Google Data Analytics BellaBeat Capstone - Sheets, SQL & Tableau

  1. Table Of Contents

    • a. Case Study Summary
    • b. Introduction
    • c. Scenario
    • d. Characters & Products
    • e. About The Company
  2. Ask Phase

    • a. Business Task
    • b. Identifying Key Stakeholders
    • c. Prepare Phase
  3. Data Used

    • a. Data Organization
    • b. Data Summary
    • c. Data Credibility
    • d. Problems With The Data
  4. Process Phase

    • a. Chosen Data Sets
    • b. Data Cleaning With Google Sheets
    • c. Clean Data Shared File & Next Steps
  5. Analyze Phase / Visualizations With Sheets

    • a. Uploaded CSV Files Into BigQuery (SQL)
    • b. User Verification
    • c. Proposed Questions, Query Performed, Resulting Data Sets & Insights
    • d. Active Minutes Per User
    • e. Steps Per Day Per User
    • f. Calories Consumed Per Day Per User
  6. Share Phase / Visualizations With Tableau Dashboard

    • a. Tableau Dashboard
  7. Act Phase

    • a. Final Conclusions & Recommendations
    • b. Closing Thoughts

1. Case Study Summary

a. Introduction

Welcome to the Bellabeat data analysis case study! In this case study, you will perform many real-world tasks of a junior data analyst. You will imagine you are working for Bellabeat, a high-tech manufacturer of health-focused products for women, and meet different characters and team members. In order to answer the key business questions, you will follow the steps of the data analysis process: ask, prepare, process, analyze, share, and act. Along the way, the Case Study Roadmap tables — including guiding questions and key tasks — will help you stay on the right path. By the end of this lesson, you will have a portfolio-ready case study. Download the packet and reference the details of this case study anytime. Then, when you begin your job hunt, your case study will be a tangible way to demonstrate your knowledge and skills to potential employers.

b. Scenario

You are a junior data analyst working on the marketing analyst team at Bellabeat, a high-tech manufacturer of health-focused products for women. Bellabeat is a successful small company, but they have the potential to become a larger player in the global smart device market. Urška Sršen, cofounder and Chief Creative Officer of Bellabeat believes that analyzing smart device fitness data could help unlock new growth opportunities for the company. You have been asked to focus on one of Bellabeat’s products and analyze smart device data to gain insight into how consumers are using their smart devices. The insights you discover will then help guide the marketing strategy for the company. You will present your analysis to the Bellabeat executive team along with your high-level recommendations for Bellabeat’s marketing strategy.

c. Characters & Products

Characters

○ Urška Sršen: Bellabeat’s co-founder and Chief Creative Officer

○ Sando Mur: Mathematician and Bellabeat’s cofounder; key member of the Bellabeat executive team

○ Bellabeat marketing analytics team: A team of data analysts responsible for collecting, analyzing, and reporting data that helps guide Bellabeat’s marketing strategy. You joined this team six months ago and have been busy learning about Bellabeat’s mission and business goals — as well as how you, as a junior data analyst, can help Bellabeat achieve them.

Products

○ Bellabeat app: The Bellabeat app provides users with health data related to their activity, sleep, stress, menstrual cycle, and mindfulness habits. This data can help users better understand their current habits and make healthy decisions. The Bellabeat app connects to their line of smart wellness products.

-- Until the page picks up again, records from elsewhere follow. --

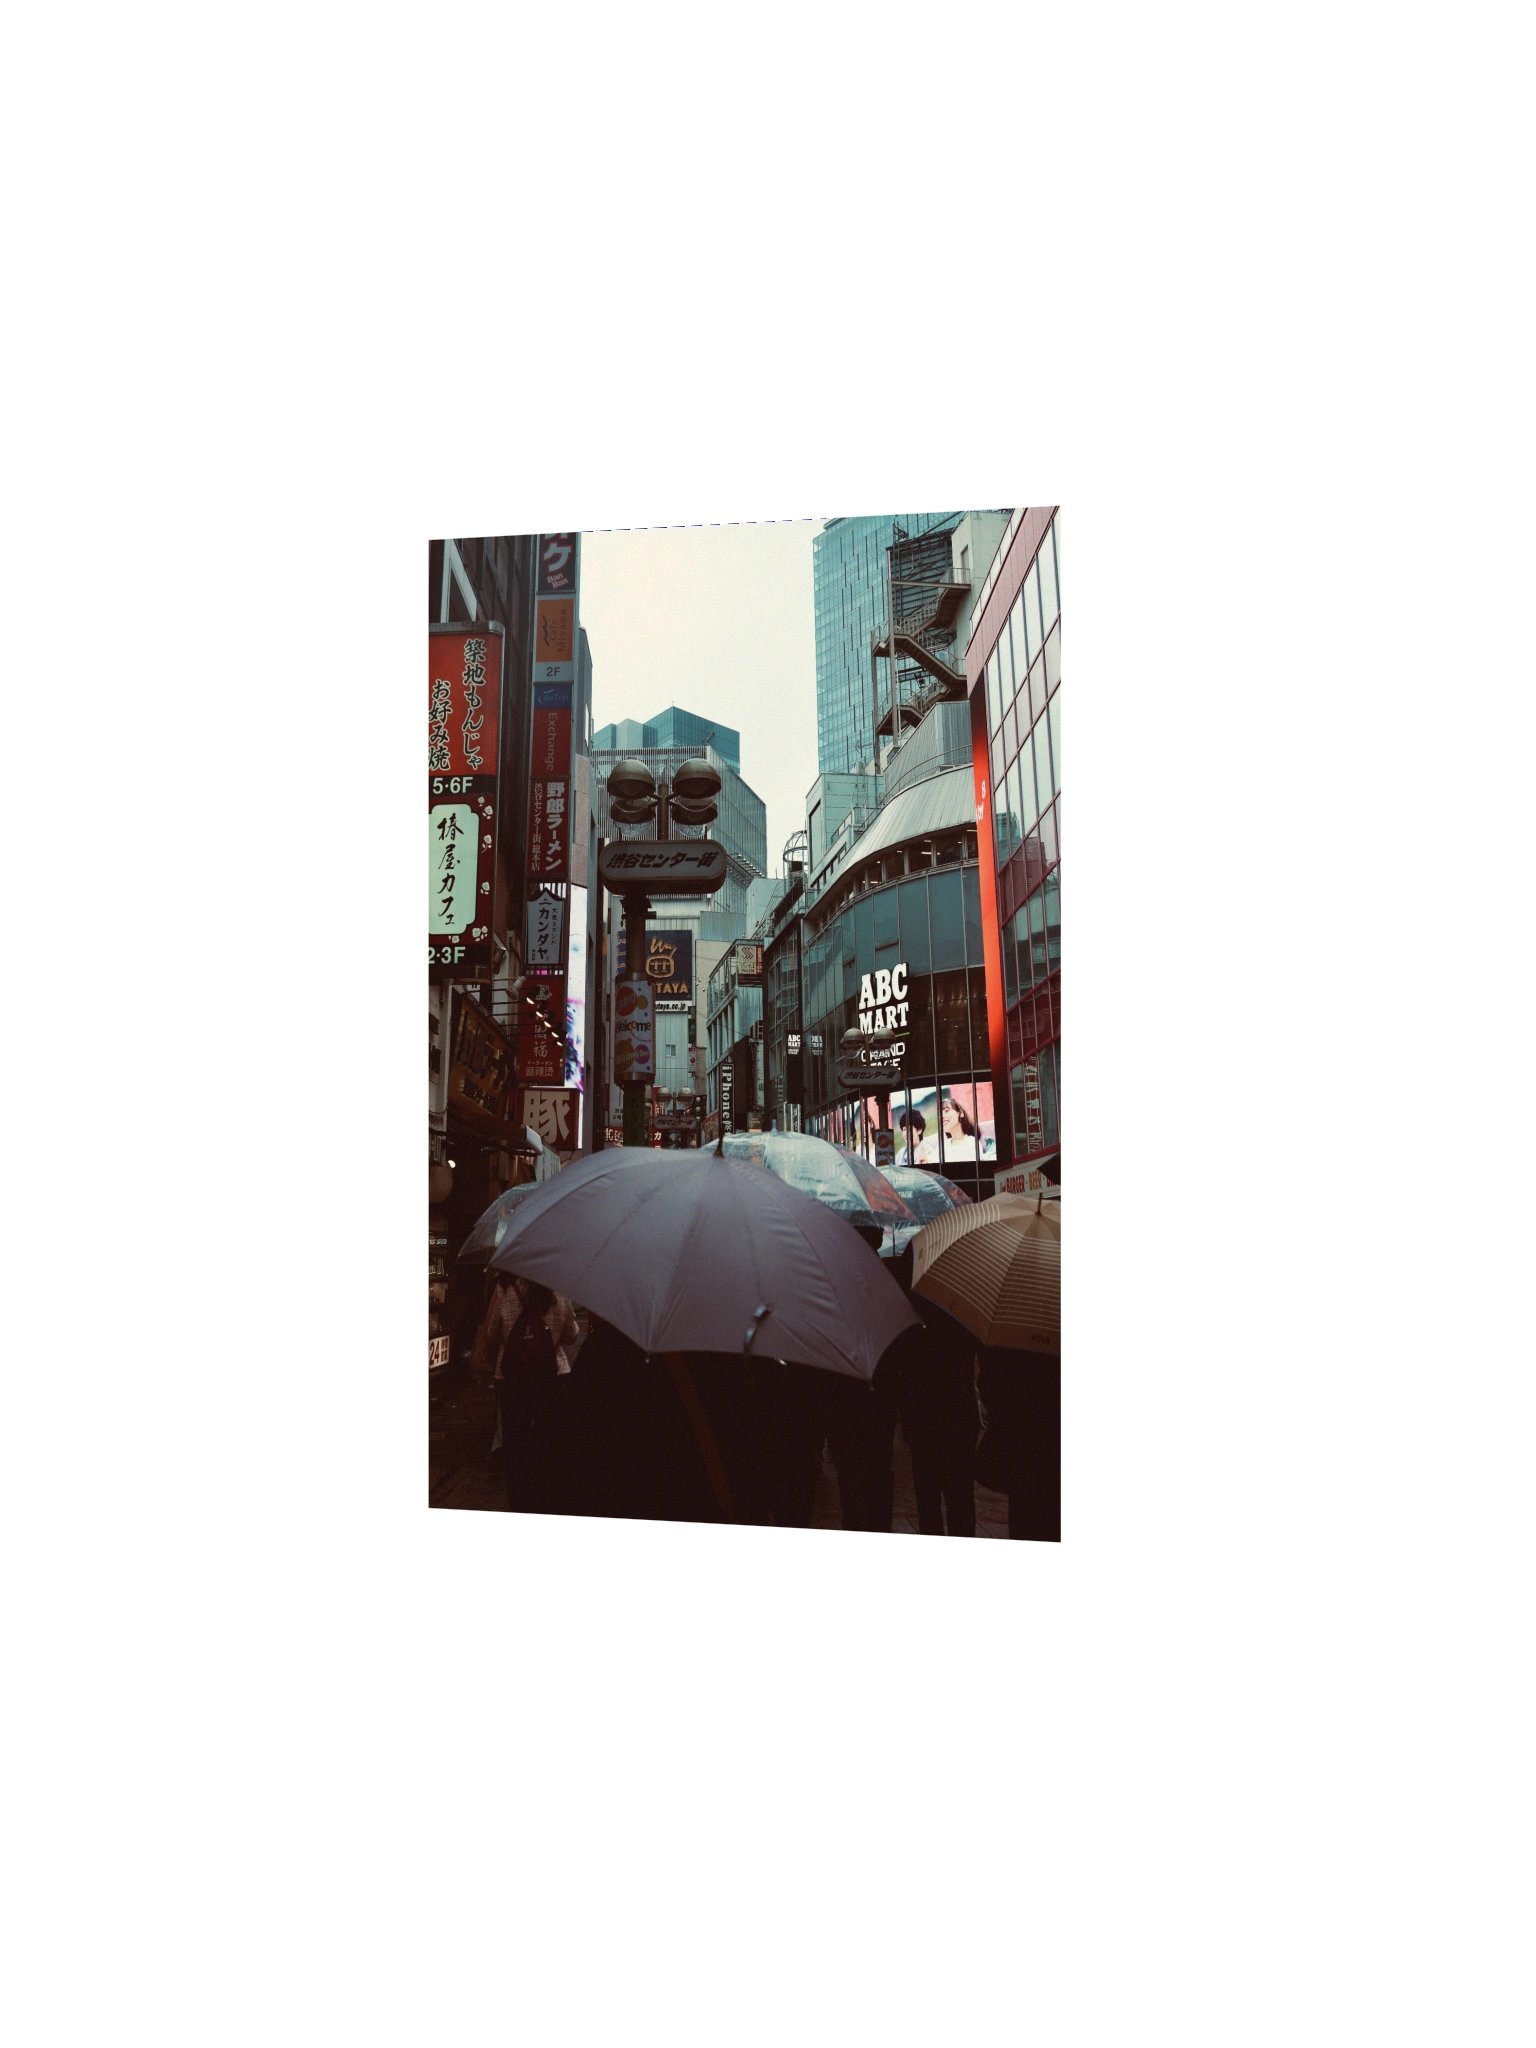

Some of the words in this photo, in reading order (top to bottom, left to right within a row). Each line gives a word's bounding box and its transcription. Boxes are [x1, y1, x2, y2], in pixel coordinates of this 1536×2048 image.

[546, 572, 564, 583] Ban
[551, 578, 568, 589] Ban
[546, 666, 560, 677] 2F
[462, 638, 486, 771] 築地もんじゃ
[545, 711, 558, 772] Exchange
[545, 781, 565, 871] 野郎ラーメン
[436, 812, 465, 925] 椿屋カフェ
[606, 851, 720, 869] 渋谷センター街
[538, 908, 551, 960] カンダヤ
[655, 982, 689, 994] TAYA
[859, 962, 908, 1010] ABC
[787, 1034, 801, 1042] ABC
[859, 1002, 909, 1035] MART
[523, 1090, 571, 1144] 豚
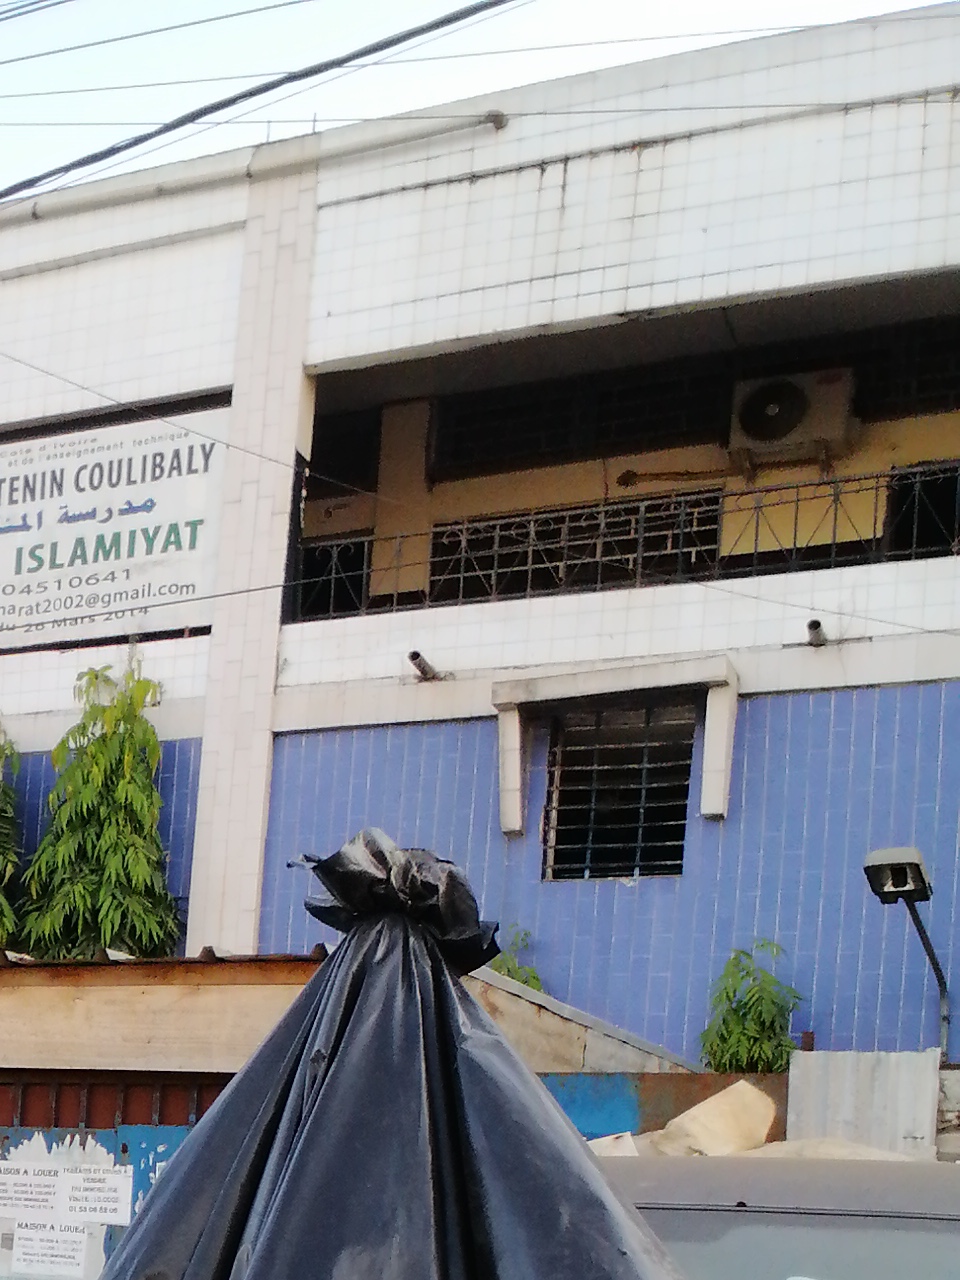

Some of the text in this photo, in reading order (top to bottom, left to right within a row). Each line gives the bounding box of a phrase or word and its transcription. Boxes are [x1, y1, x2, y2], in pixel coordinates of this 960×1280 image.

○ Leaf: Bellabeat’s classic wellness tracker can be worn as a bracelet, necklace, or clip. The Leaf Tracker connects to the Bellabeat app to track activity, sleep, and stress.

○ Time: This wellness watch combines the timeless look of a classic timepiece with smart technology to track user activity, sleep, and stress. The Time watch connects to the Bellabeat app to provide you with insights into your daily wellness.

○ Spring: This is a water bottle that tracks daily water intake using smart technology to ensure that you are appropriately hydrated throughout the day. The Spring bottle connects to the Bellabeat app to track your hydration levels.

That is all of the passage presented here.